Cuando Thubron y Chatwin, dos ejemplos anglosajones en cuyas figuras escritura y viaje comparten frontera, dudan entre definirse a sí mismos como escritores que viajan o como viajeros que escriben, nos están remitiendo a una familiaridad que por demasiado intuida nos parece casi ahistórica. Y ello resulta natural, pues en cuanto horadamos la memoria en busca de referencias para perfilar la figura del homo viator, en seguida acude a nuestra memoria la ceguera exploradora de Homero y la via smarrita que precipitará a Dante a los infiernos. En ambos casos se trata de momentos fundacionales de la cultura que somos (o la cultura que, en cualquier caso, nos ofrece el arsenal simbólico al que habremos de recurrir en busca de una identidad). Y en ambos casos escritura y viaje se hermanan de tal manera que la duda no tarda demasiado en aparecer: ¿acaso no comenzará el viaje en la narración que da cuenta de él? Y, restringiendo algo más el campo, ¿no será tan imposible una narración que no viaja como un viaje nunca narrado? Este breve texto quiere ofrecer los elementos a partir de los cuales sea posible comenzar a elaborar una respuesta a tales cuestiones.

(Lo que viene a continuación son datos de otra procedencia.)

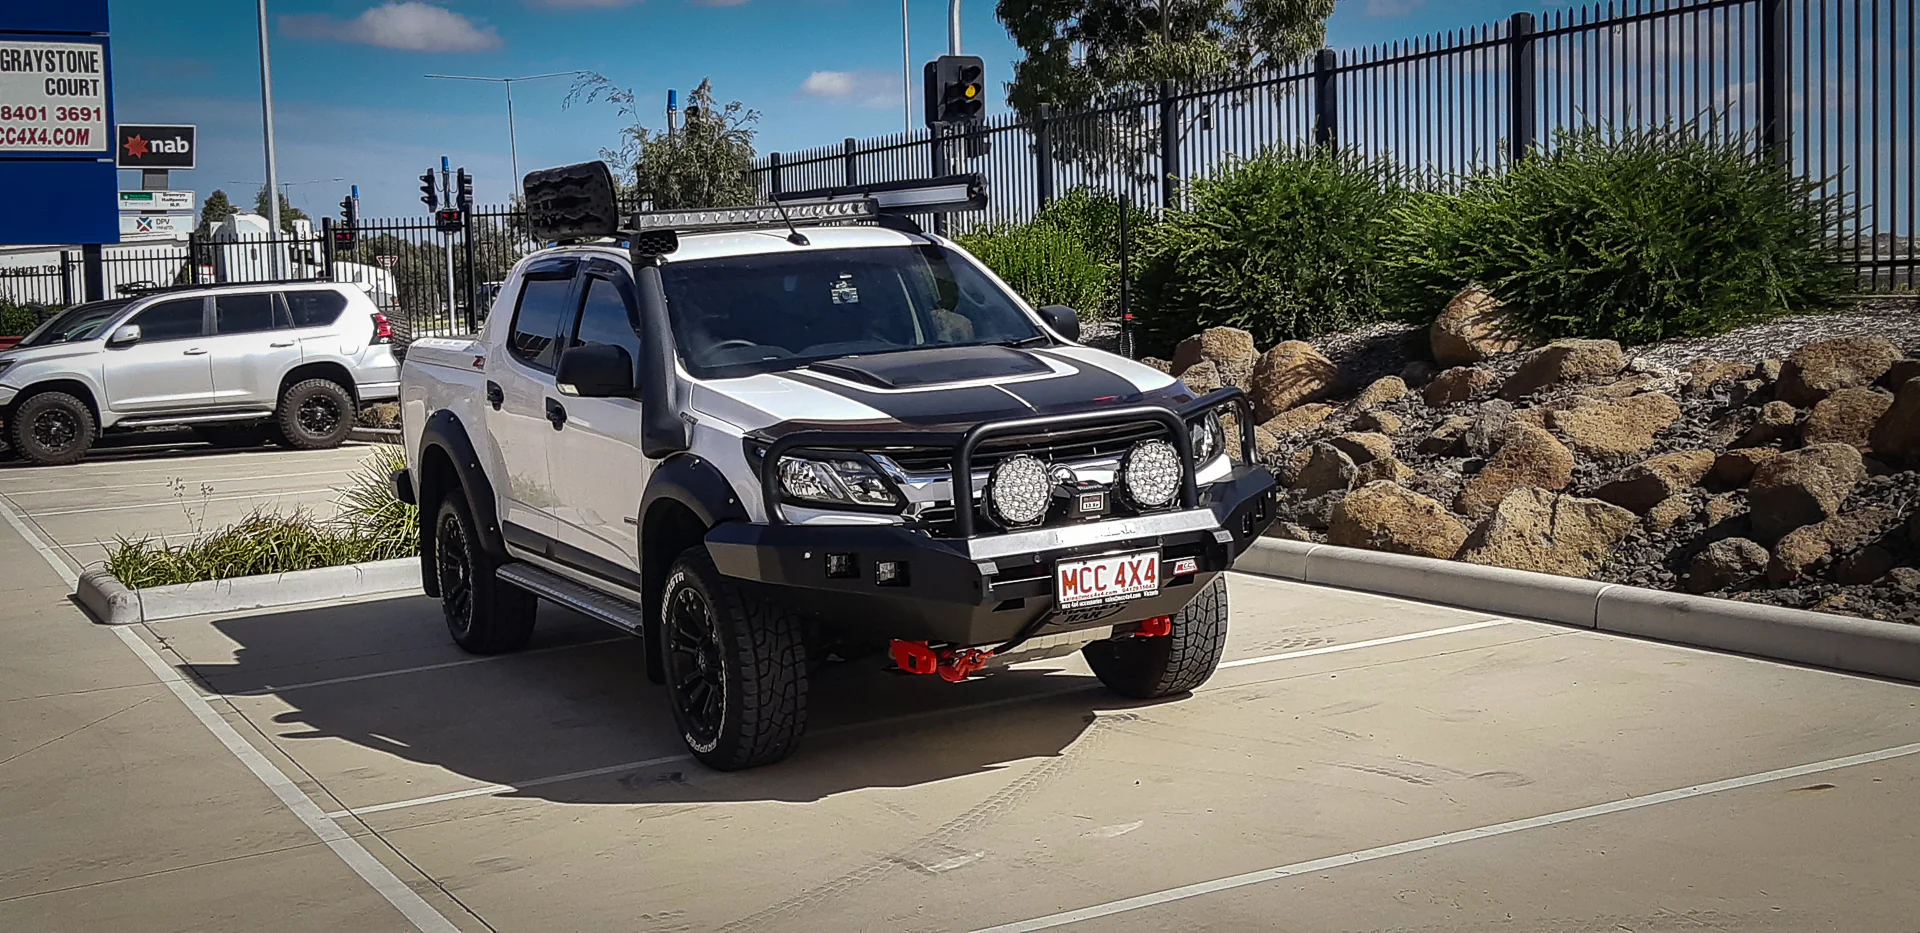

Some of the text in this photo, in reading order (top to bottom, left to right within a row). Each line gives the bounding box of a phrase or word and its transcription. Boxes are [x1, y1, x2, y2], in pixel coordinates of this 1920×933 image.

Metáfora del deseo y de la libertad, el viaje ha llegado a nosotros como uno de los recursos del hombre más evidentes para alcanzar el conocimiento propio. Cuando, no mucho tiempo atrás, los mapamundis pretendían figurar con un espacio en blanco la situación de una región inexplorada, la imaginación del aventurero – recordemos que el viaje, el verdadero viaje, no es otra cosa sino ir a la ventura – precedía la expedición sin fin previsto que estaba por comenzar. Podríamos incluso hablar aquí de una empatía tan poderosa como extraña entre el espacio decolorado del mapa y el espíritu inquieto del que va a arrojarse, arrastrado por la fuerza de la atracción que lo ignoto ejerce sobre él, hacia su destino. Algunos cuentos vagos, un par de coordenadas difusas, el anhelo de tierra y de mar, un deseo de proyectarse sobre el abismo y cualquier estigma de seguridad o de previsión alojado en el lodazal de la vida anterior - de la vida que requiere un cambio de rumbo – bastan. Tal y como nos dice Wiesenthal, la gente que sabe adonde ir no llega muy lejos. El viaje es siempre un viaje imaginario, porque la imaginación nos socorre al trazar el mapa de nuestros pasos futuros y al sobrescribir en ellos la ruta narrada. Un viaje que al concluir nos deja indiferentes no ha supuesto reto alguno. Y, evidentemente, cuando el reto no existe la inercia ocupa el lugar de nuestra indefensión. Es por ello que el deseo y la imaginación son los únicos fardos soportables para el que se va, huyendo de sí o huyendo del otro, en busca de algo que bien pudiera no ser nada; los límites del viaje coinciden entonces con los límites del deseo del viajero y de la imaginación que lo posibilita.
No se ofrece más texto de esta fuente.